→ Task data
★ ★ ★ ★
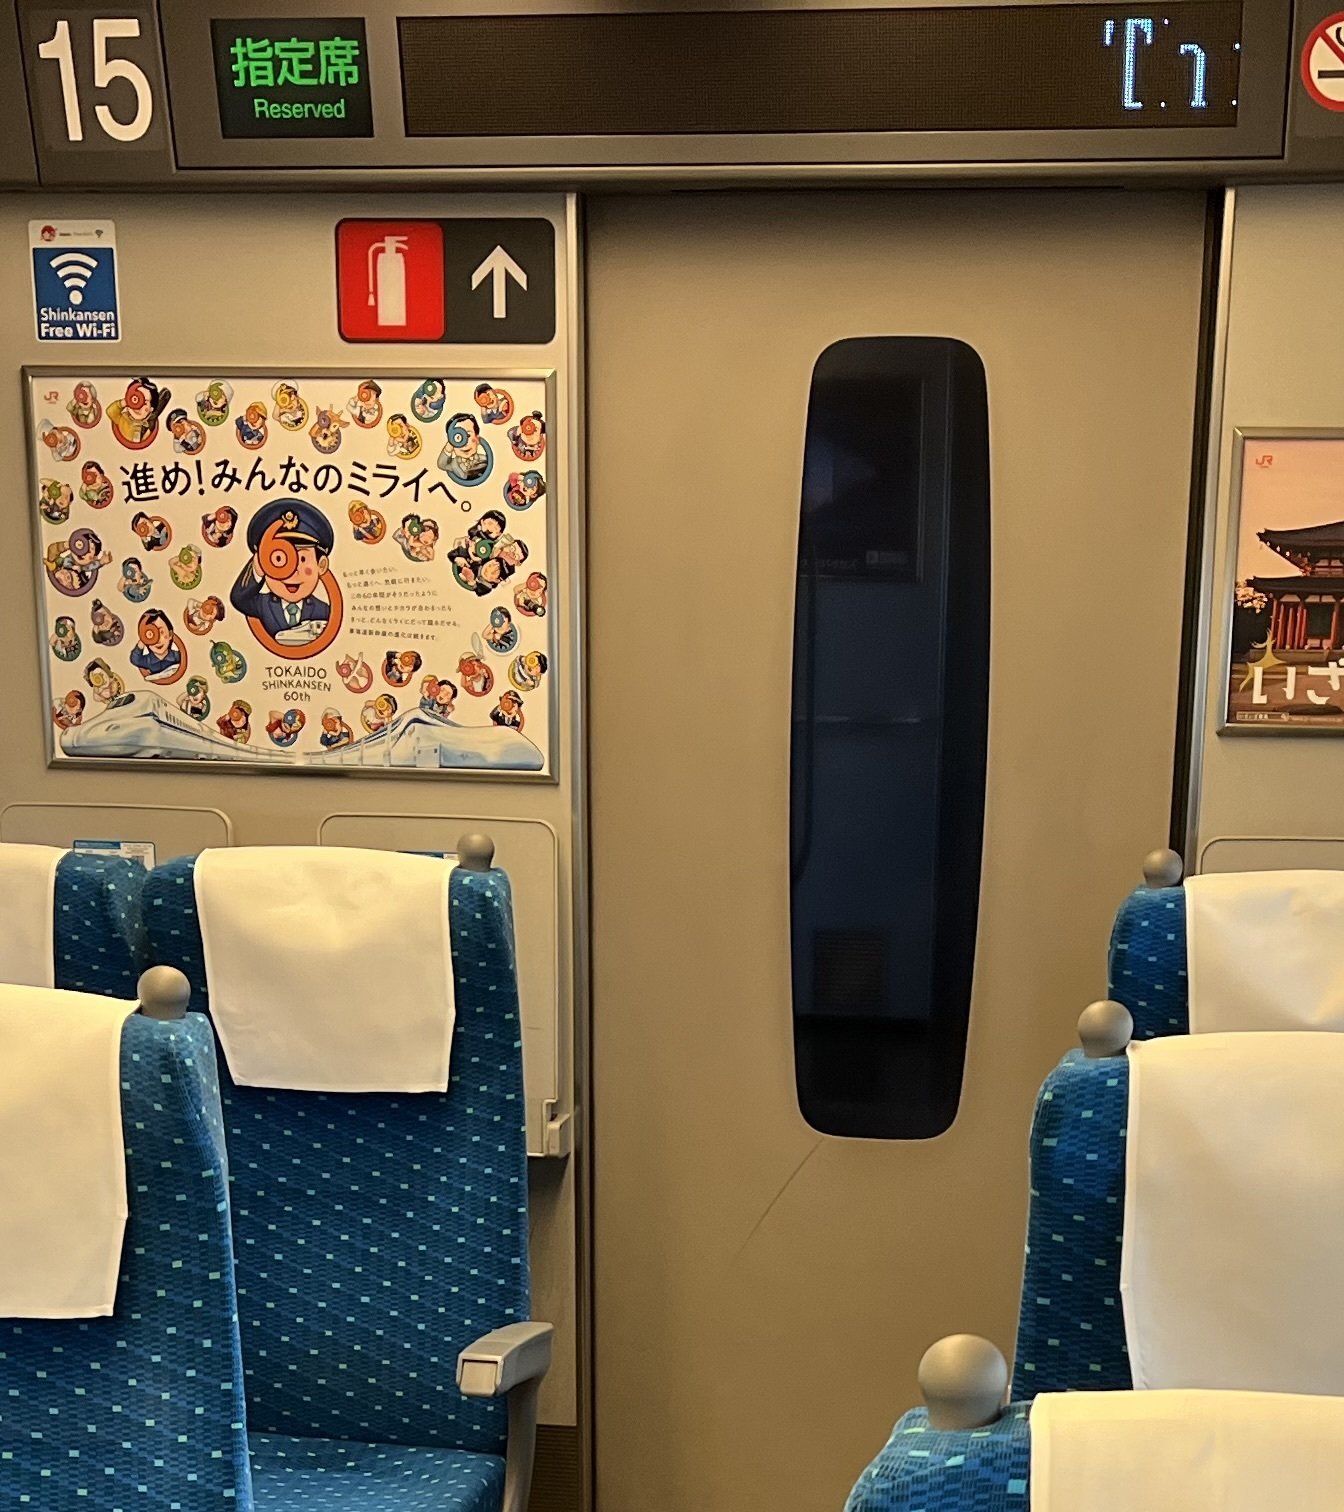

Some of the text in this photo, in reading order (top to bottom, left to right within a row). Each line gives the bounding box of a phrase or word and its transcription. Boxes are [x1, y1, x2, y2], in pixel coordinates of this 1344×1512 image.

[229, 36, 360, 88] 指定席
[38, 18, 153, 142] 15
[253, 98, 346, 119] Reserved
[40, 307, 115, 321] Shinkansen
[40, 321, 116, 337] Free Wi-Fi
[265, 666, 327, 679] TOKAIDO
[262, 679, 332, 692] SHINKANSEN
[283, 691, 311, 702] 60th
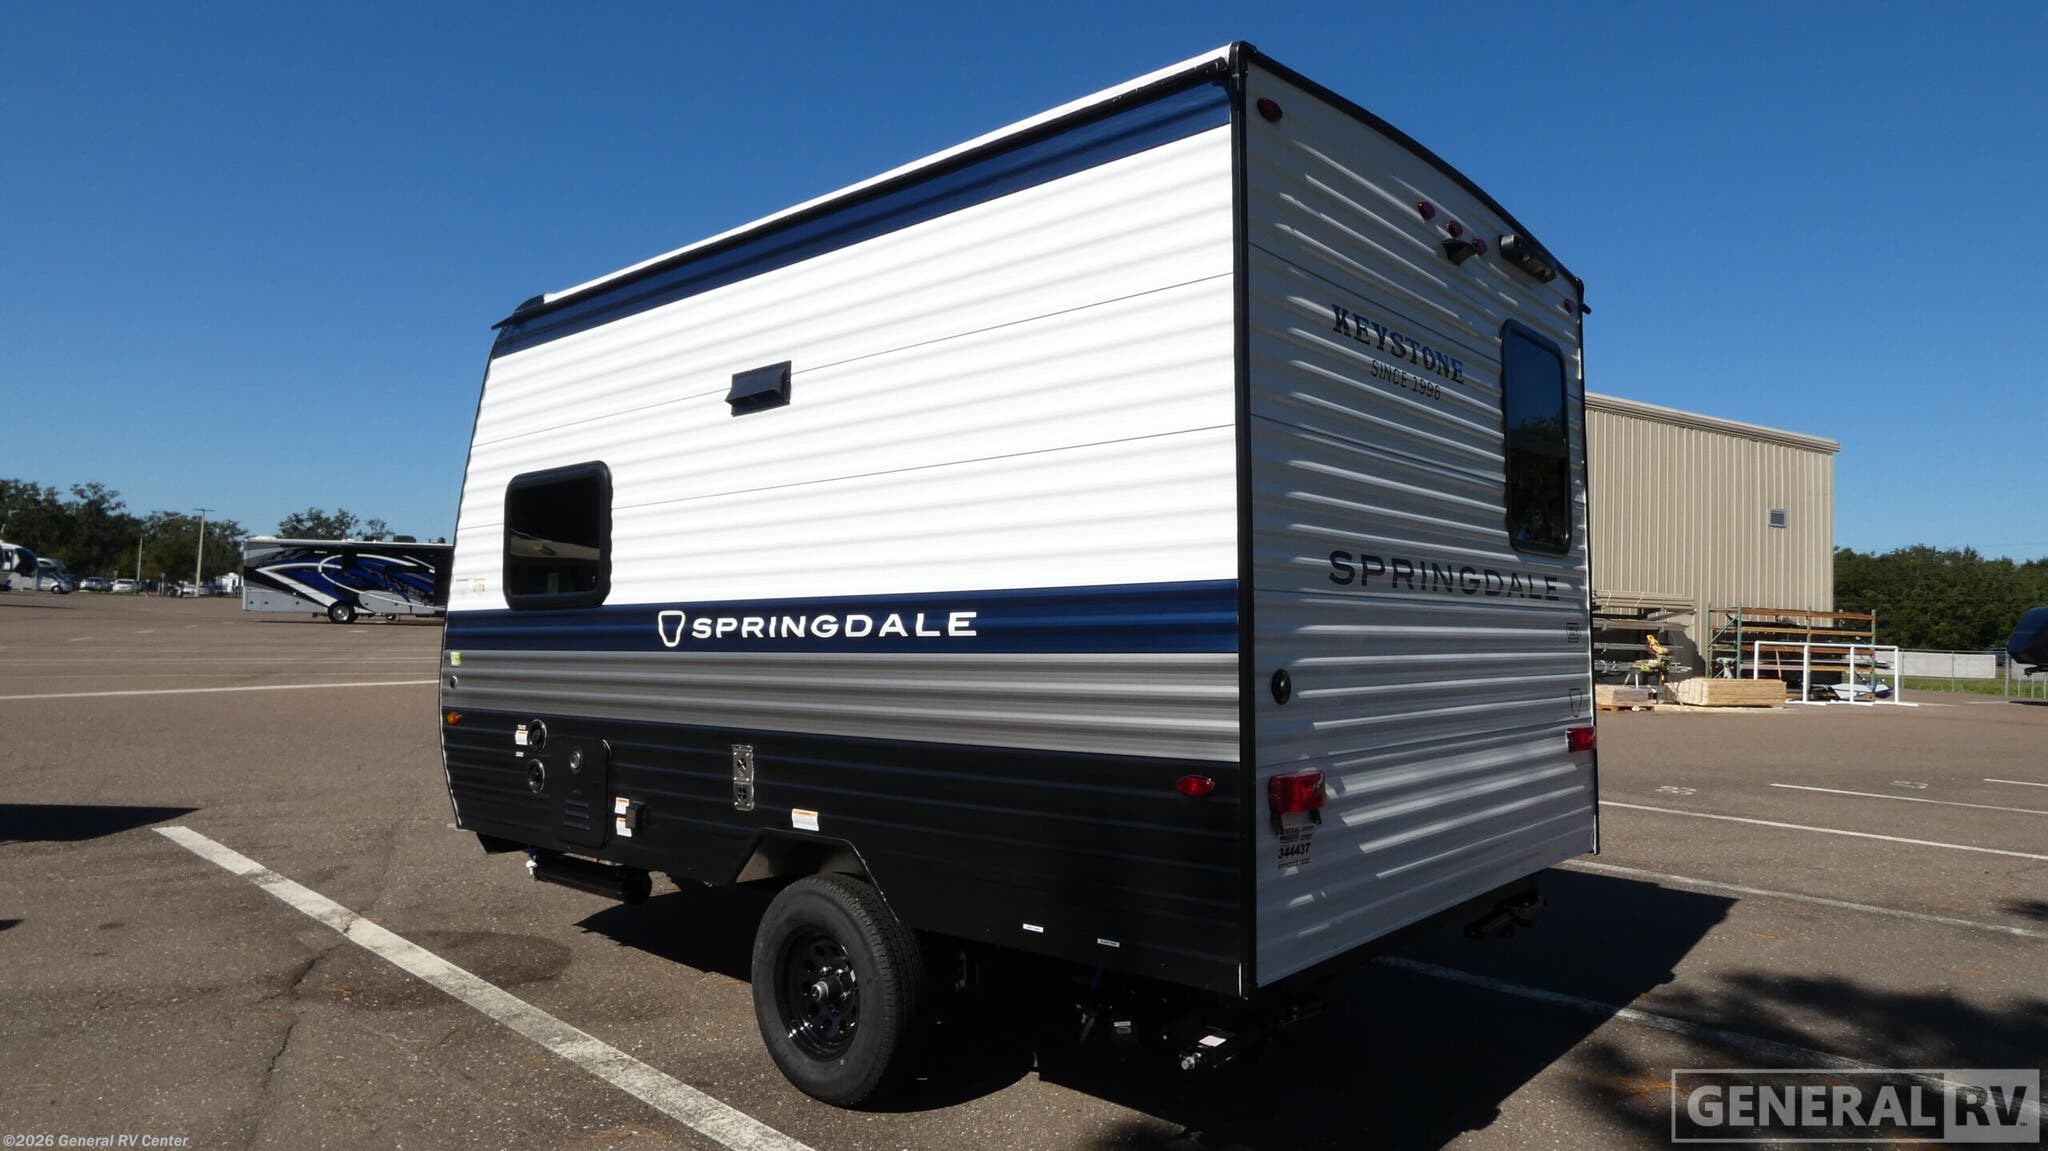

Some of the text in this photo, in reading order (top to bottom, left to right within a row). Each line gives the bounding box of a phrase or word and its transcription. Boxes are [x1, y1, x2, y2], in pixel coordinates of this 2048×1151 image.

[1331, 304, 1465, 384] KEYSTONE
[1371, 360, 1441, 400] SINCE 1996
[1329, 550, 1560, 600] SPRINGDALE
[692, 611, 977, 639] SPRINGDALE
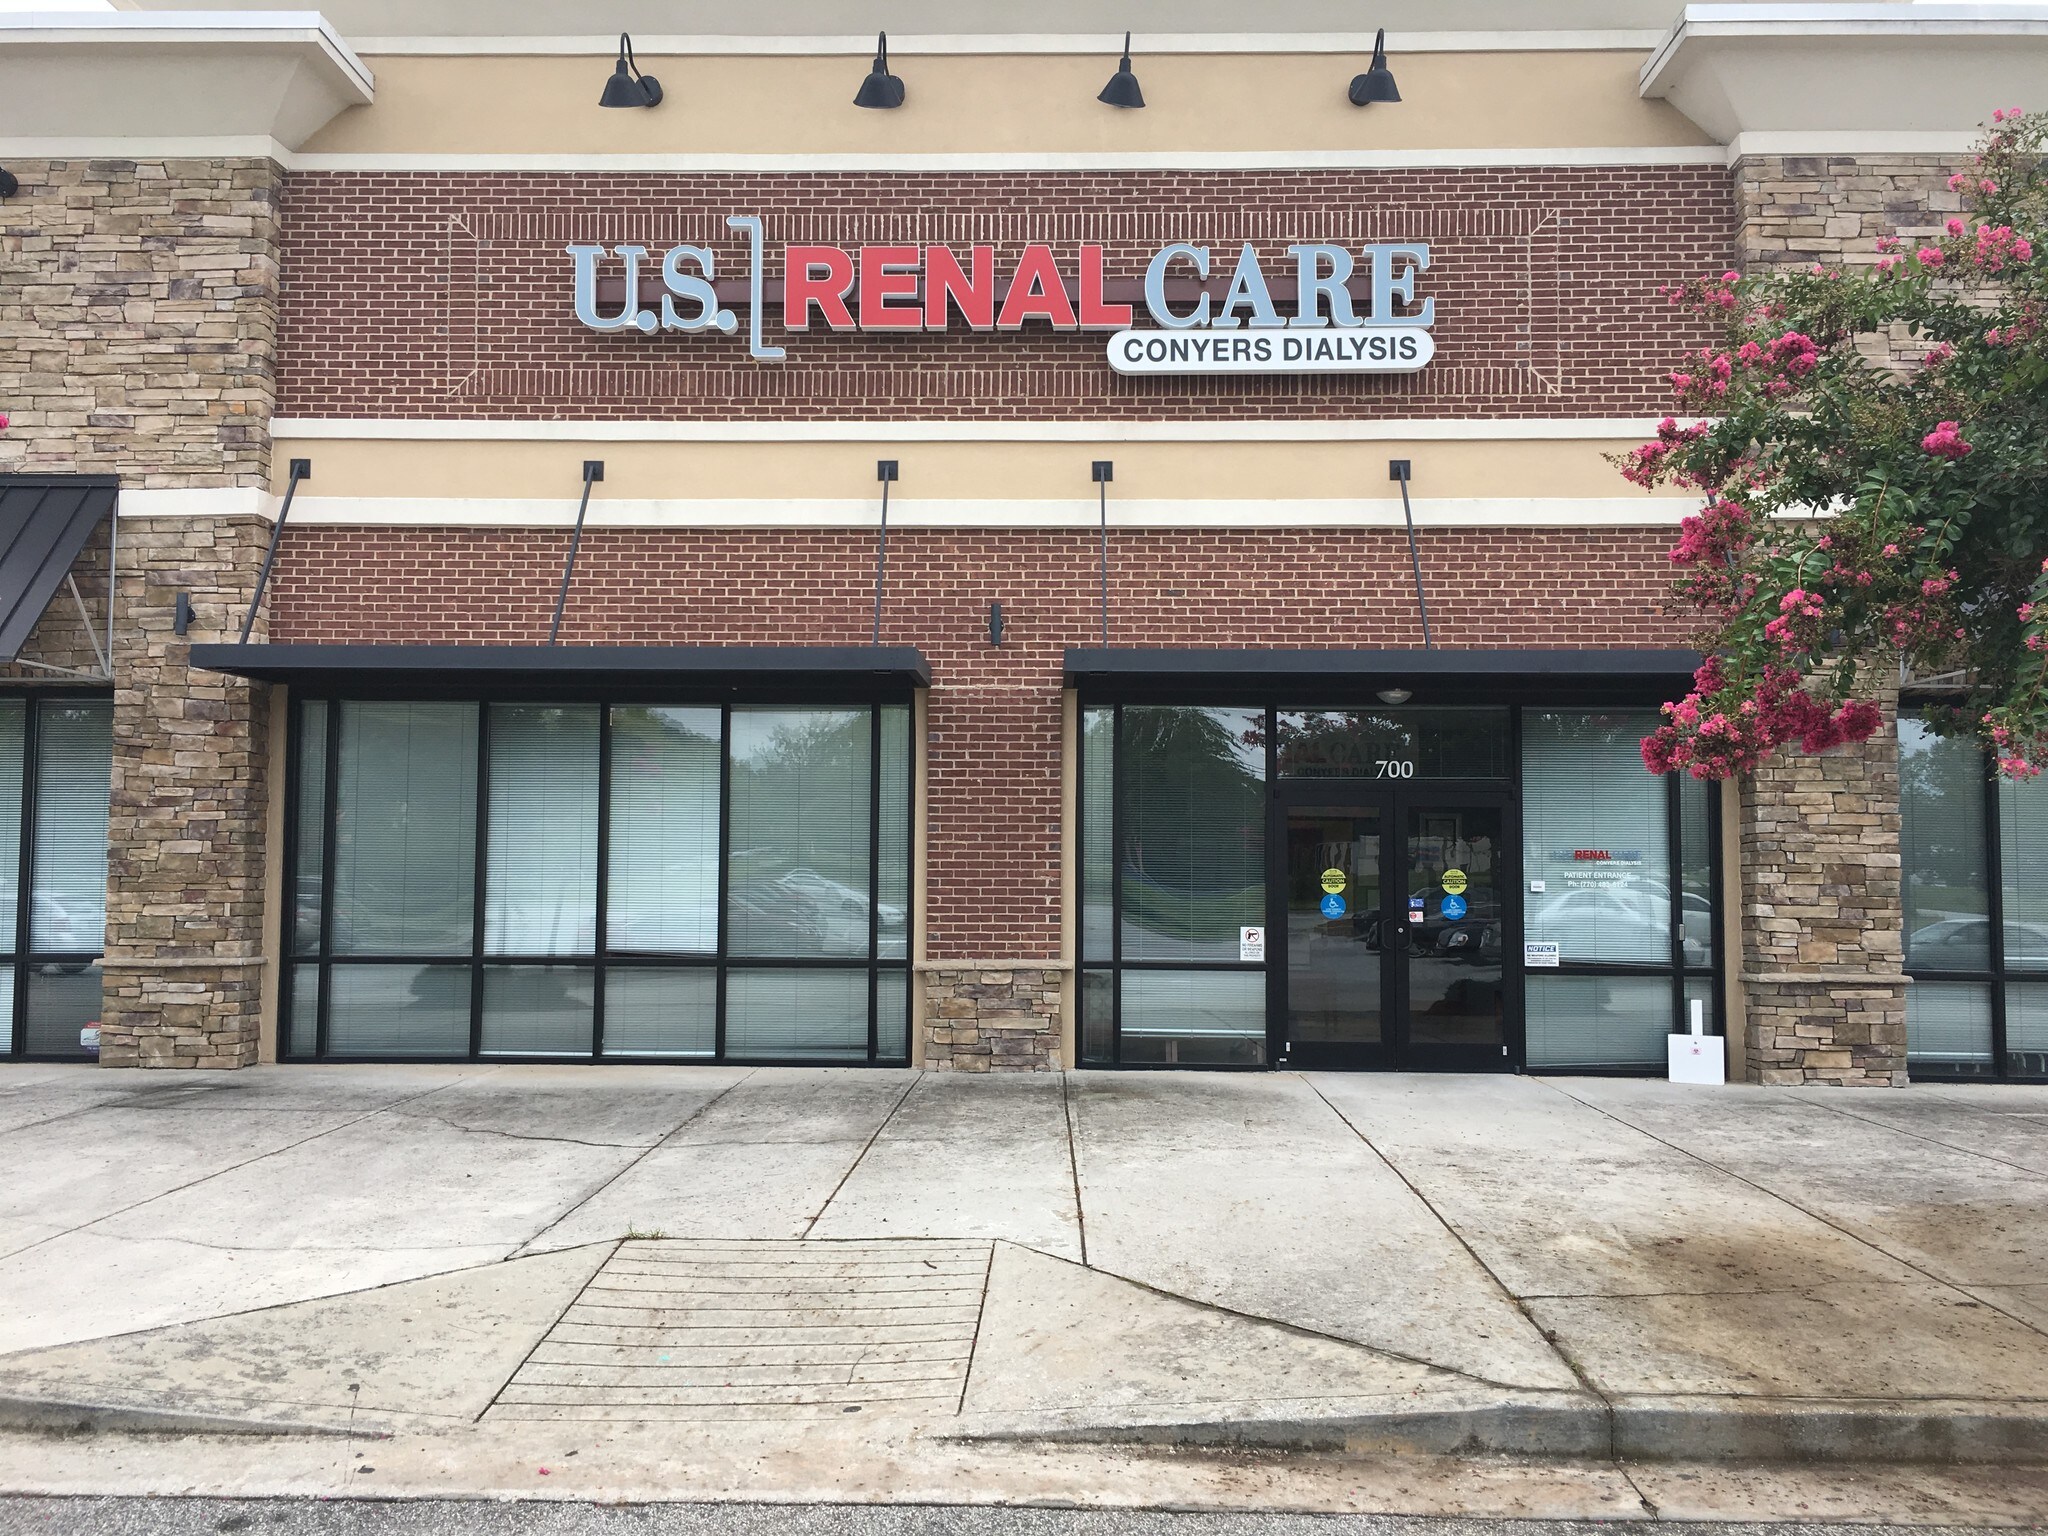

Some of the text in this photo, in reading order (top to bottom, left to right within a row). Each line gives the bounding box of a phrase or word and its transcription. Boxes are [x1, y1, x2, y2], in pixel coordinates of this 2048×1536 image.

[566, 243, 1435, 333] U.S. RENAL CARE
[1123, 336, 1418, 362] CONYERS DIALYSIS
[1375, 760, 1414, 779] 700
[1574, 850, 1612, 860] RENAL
★ ★ ★ ★
→ Problem to solve
Omit the pictures and output all remaining material exactly.

→ Task output
Some of the text in this photo, in reading order (top to bottom, left to right within a row). Each line gives the bounding box of a phrase or word and its transcription. Boxes are [x1, y1, x2, y2], in pixel coordinates of this 1344×1512 image.

[229, 36, 360, 88] 指定席
[38, 18, 153, 142] 15
[253, 98, 346, 119] Reserved
[40, 307, 115, 321] Shinkansen
[40, 321, 116, 337] Free Wi-Fi
[265, 666, 327, 679] TOKAIDO
[262, 679, 332, 692] SHINKANSEN
[283, 691, 311, 702] 60th

Some of the text in this photo, in reading order (top to bottom, left to right within a row). Each line gives the bounding box of a phrase or word and its transcription. Boxes are [x1, y1, x2, y2], in pixel coordinates of this 2048×1151 image.

[1331, 304, 1465, 384] KEYSTONE
[1371, 360, 1441, 400] SINCE 1996
[1329, 550, 1560, 600] SPRINGDALE
[692, 611, 977, 639] SPRINGDALE

Some of the text in this photo, in reading order (top to bottom, left to right within a row). Each line gives the bounding box of a phrase or word and its transcription. Boxes are [x1, y1, x2, y2], in pixel coordinates of this 2048×1536 image.

[566, 243, 1435, 333] U.S. RENAL CARE
[1123, 336, 1418, 362] CONYERS DIALYSIS
[1375, 760, 1414, 779] 700
[1574, 850, 1612, 860] RENAL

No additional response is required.